WORK ITEM: Leave the pictures out and restate every line below exactly.

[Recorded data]
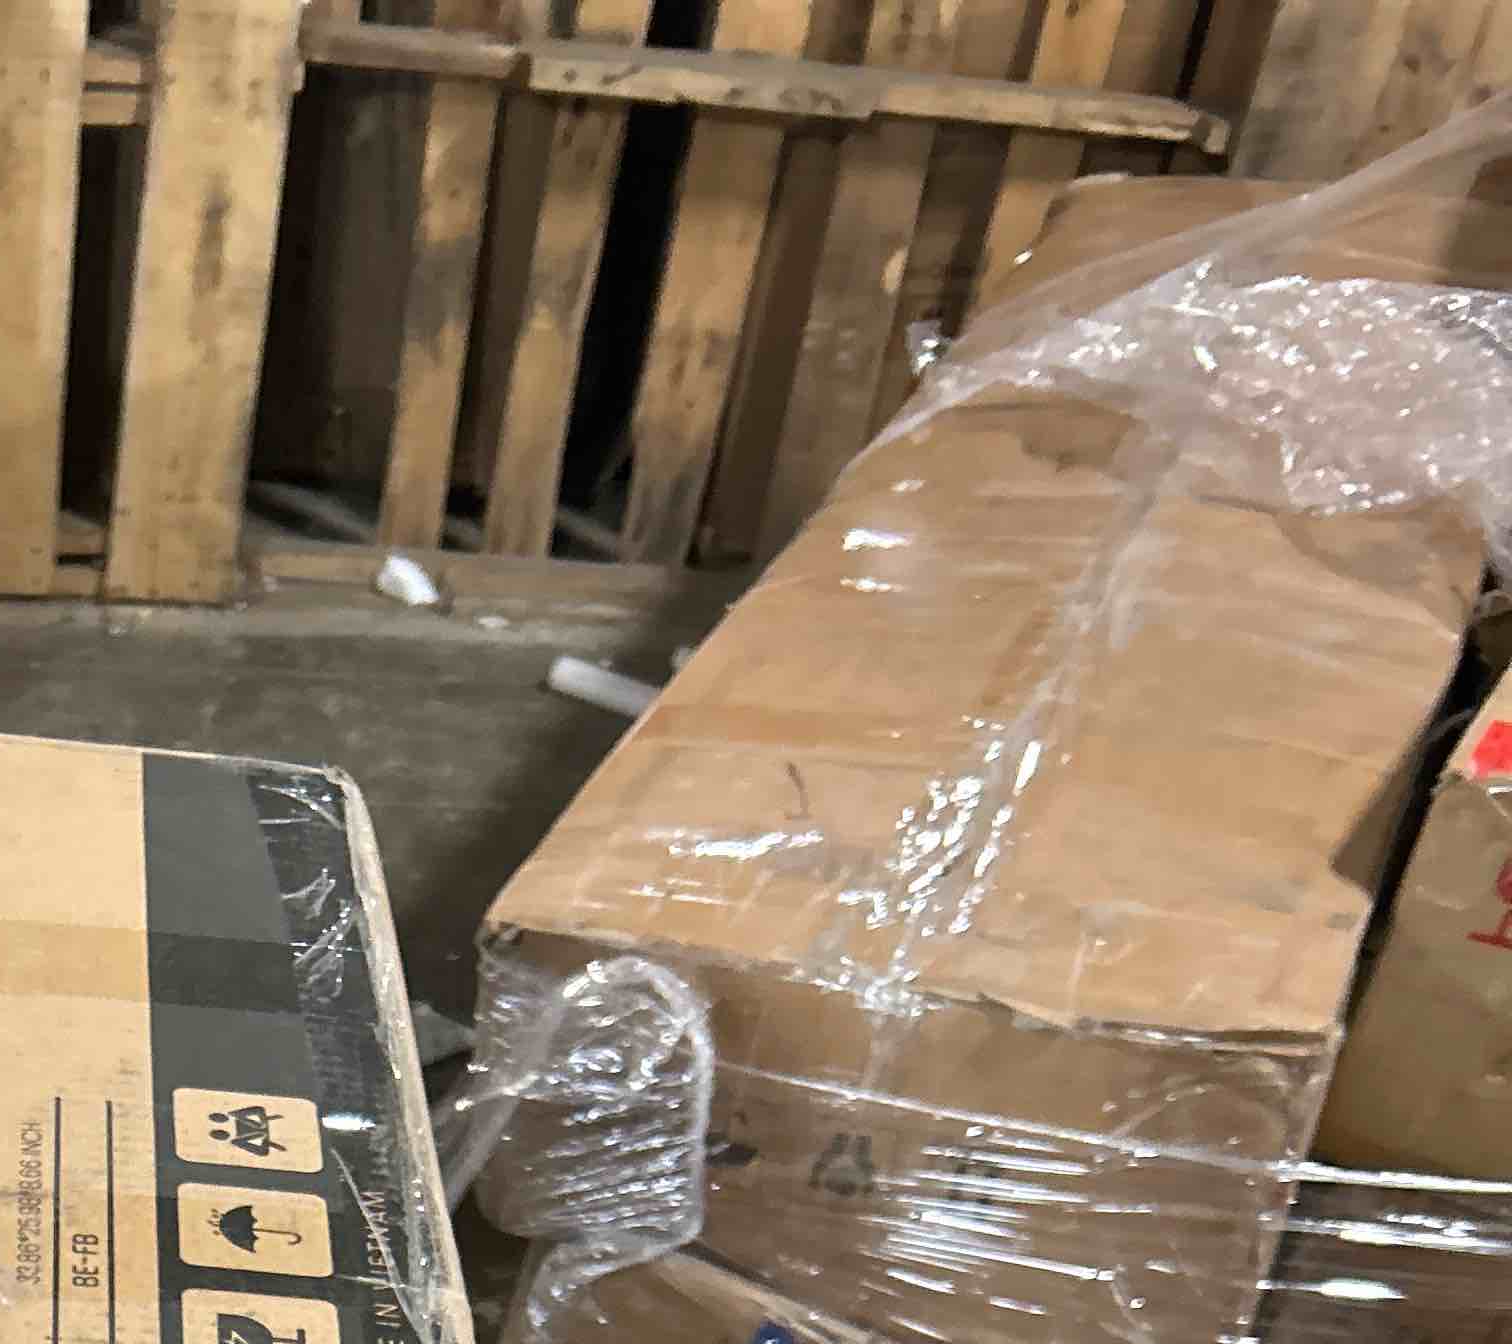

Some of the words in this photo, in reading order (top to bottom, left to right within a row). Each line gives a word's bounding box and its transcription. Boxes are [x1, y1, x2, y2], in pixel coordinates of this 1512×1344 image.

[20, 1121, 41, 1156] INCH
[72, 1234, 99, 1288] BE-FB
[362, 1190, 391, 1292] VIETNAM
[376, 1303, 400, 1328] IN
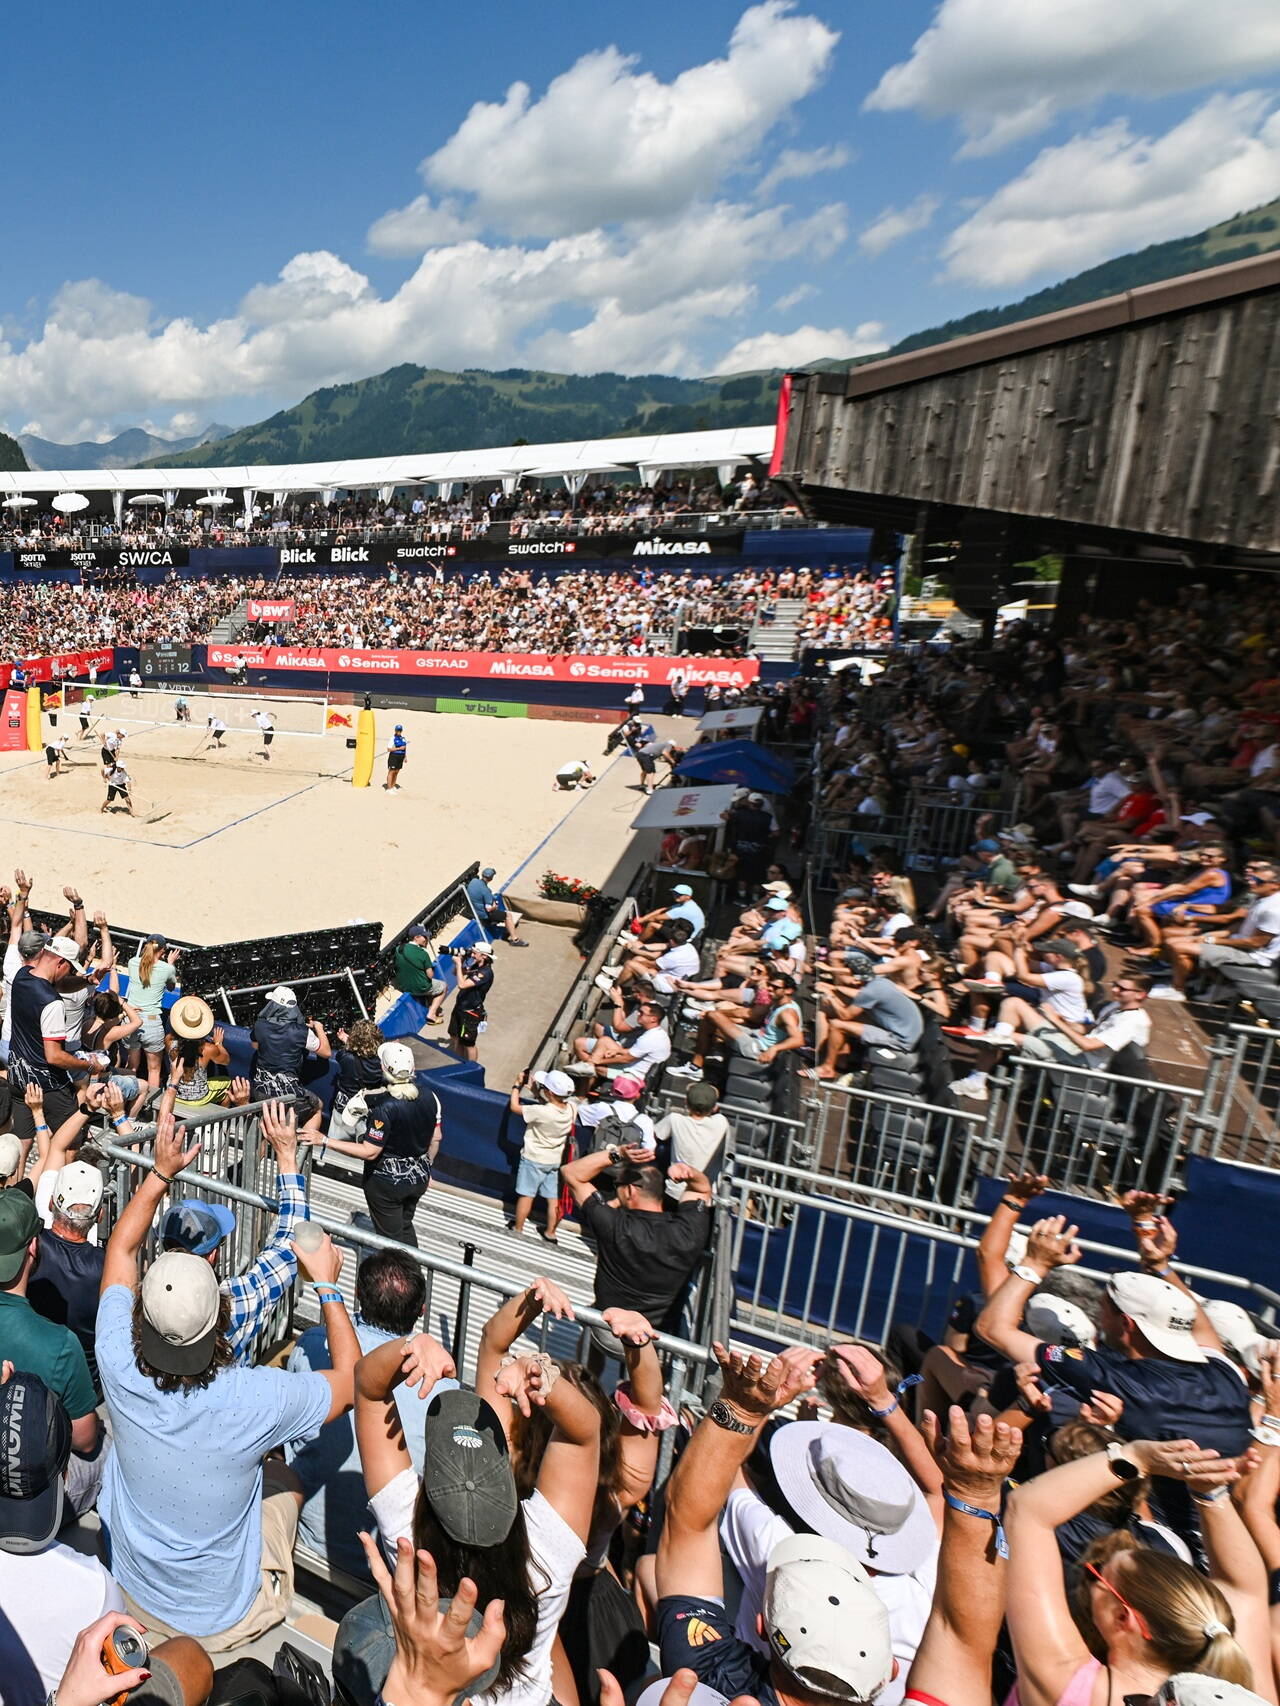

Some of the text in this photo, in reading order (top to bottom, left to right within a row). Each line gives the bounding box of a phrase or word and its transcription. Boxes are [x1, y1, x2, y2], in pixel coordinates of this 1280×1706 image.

OUTPUT:
Some of the words in this photo, in reading order (top to bottom, left to right within a row). Each line gives a word's bounding box and its transcription. Boxes are [x1, y1, x2, y2], in pixel coordinates of this 1512×1344 image.

[20, 1121, 41, 1156] INCH
[72, 1234, 99, 1288] BE-FB
[362, 1190, 391, 1292] VIETNAM
[376, 1303, 400, 1328] IN

Some of the text in this photo, in reading order (top to bottom, left to right within a row). Each line gives the bounding box of a phrase or word and its transcription. Boxes are [x1, y1, x2, y2], in pixel coordinates of this 1280×1706 image.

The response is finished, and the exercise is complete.